What to work on:
Which lines run from the one containing "this 1280×960 image." to the end of the entries below? Reproduce them exactly, both ends included.
==== Given information ====
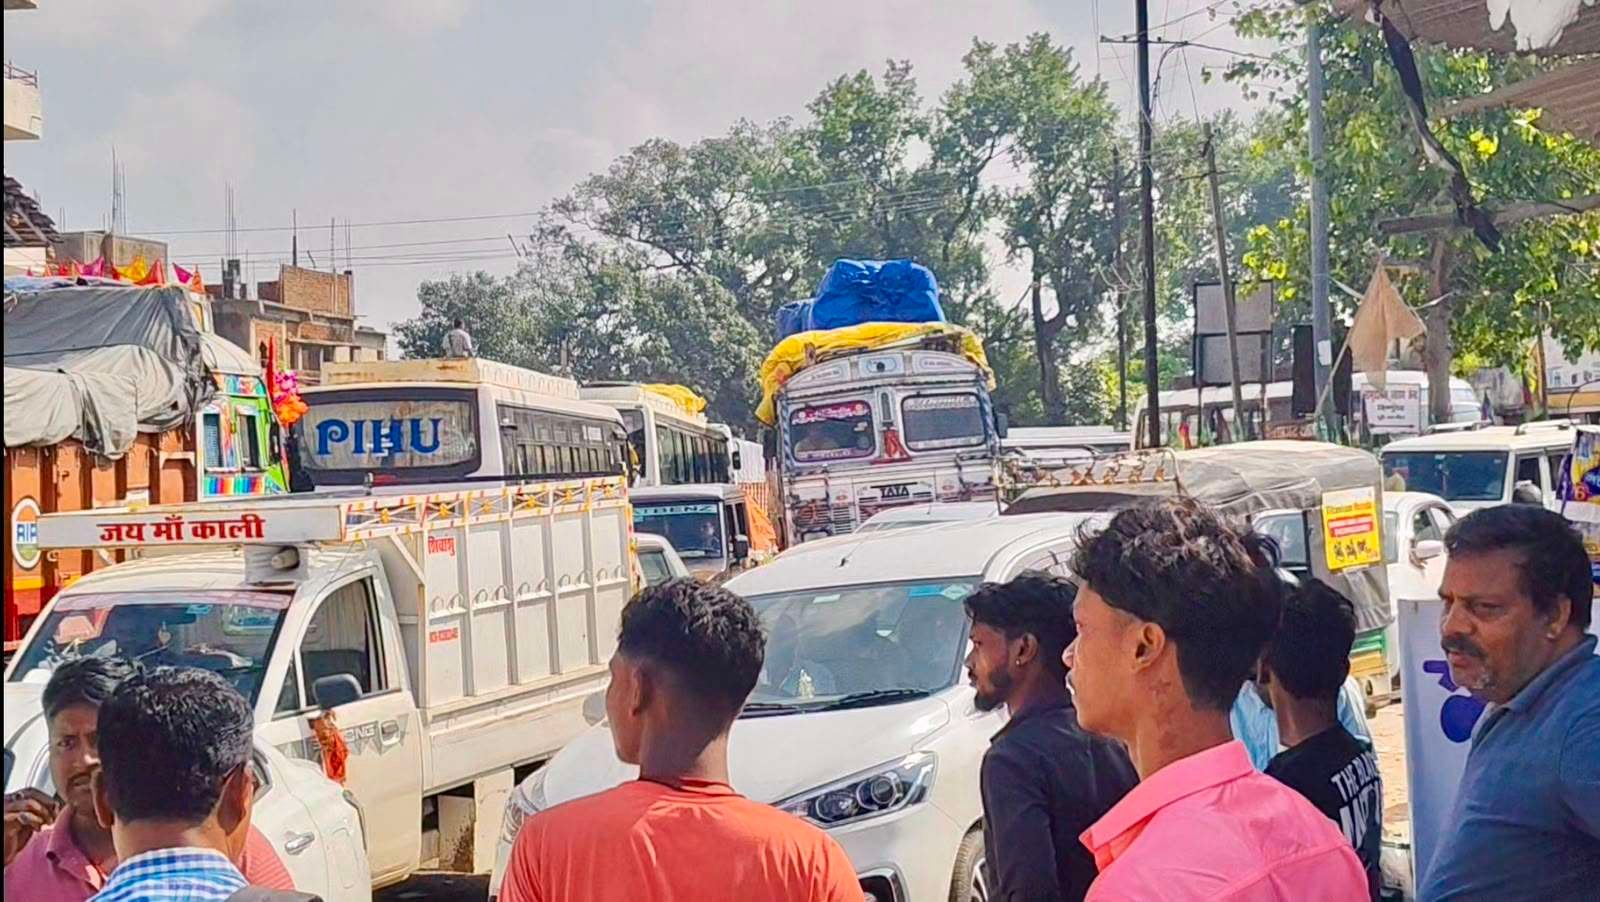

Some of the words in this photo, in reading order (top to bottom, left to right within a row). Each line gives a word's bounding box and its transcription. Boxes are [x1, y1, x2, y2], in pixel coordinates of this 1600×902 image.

[316, 418, 442, 455] PIHU
[881, 485, 910, 498] TATA
[97, 523, 146, 541] जय
[150, 514, 185, 541] माँ
[188, 513, 266, 539] काली
[1331, 764, 1359, 803] THE
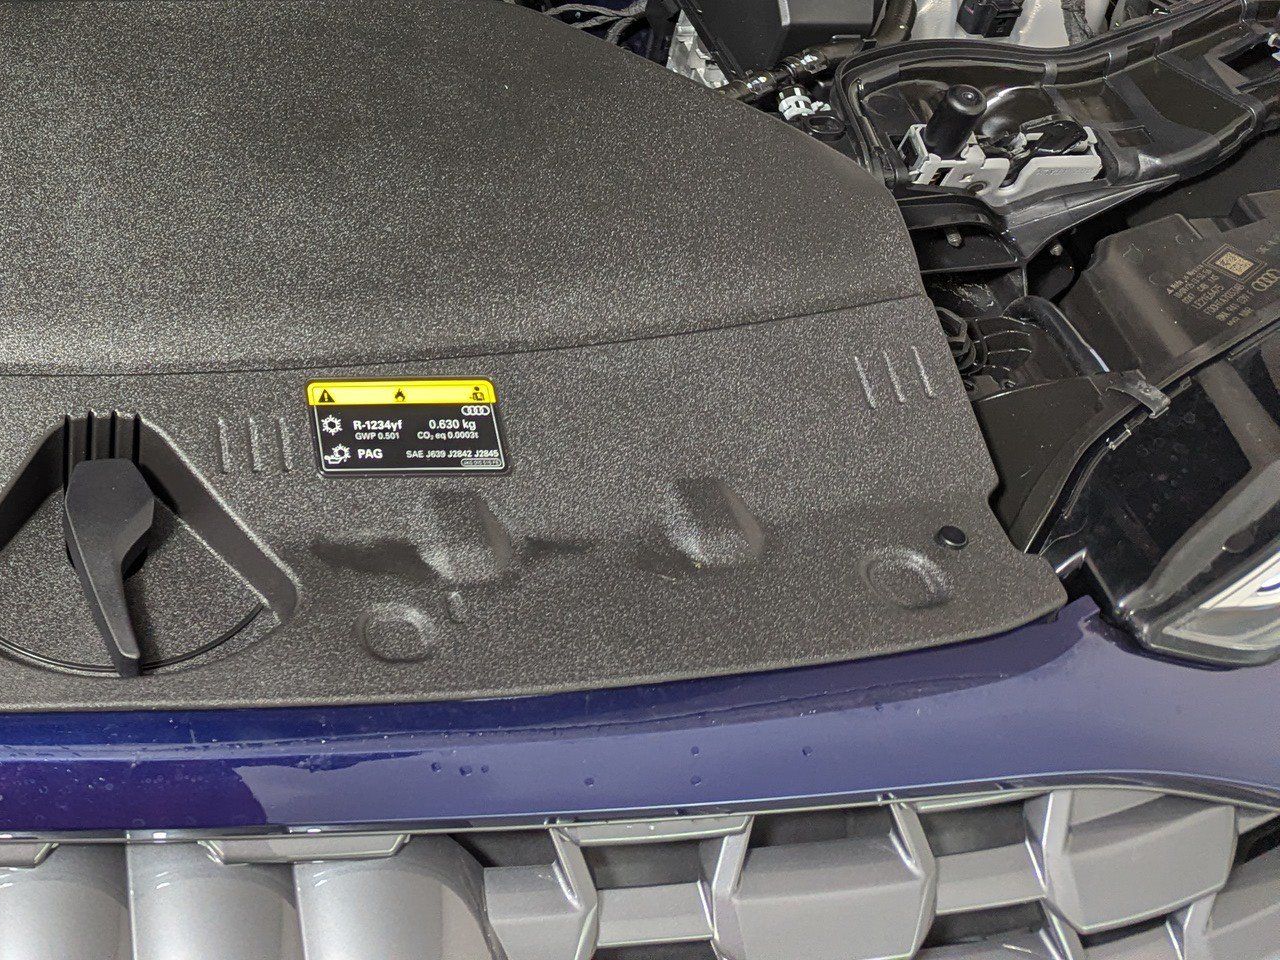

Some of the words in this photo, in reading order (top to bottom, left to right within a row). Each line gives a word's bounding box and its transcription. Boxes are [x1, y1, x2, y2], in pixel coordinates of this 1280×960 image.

[352, 420, 402, 431] R-1234yf
[428, 420, 460, 429] 0.630
[462, 419, 477, 430] kg
[378, 432, 400, 440] 0.501
[357, 448, 383, 459] PAG
[406, 450, 424, 458] SAE
[425, 450, 446, 458] J639
[447, 450, 472, 458] J2842
[474, 450, 500, 458] J2845
====
Your solution:
Some of the words in this photo, in reading order (top to bottom, left to right within a row). Each line gives a word's bounding box and its transcription. Boxes are [x1, y1, x2, y2], in pixel coordinates of this 1280×960 image.

[352, 420, 402, 431] R-1234yf
[428, 420, 460, 429] 0.630
[462, 419, 477, 430] kg
[378, 432, 400, 440] 0.501
[357, 448, 383, 459] PAG
[406, 450, 424, 458] SAE
[425, 450, 446, 458] J639
[447, 450, 472, 458] J2842
[474, 450, 500, 458] J2845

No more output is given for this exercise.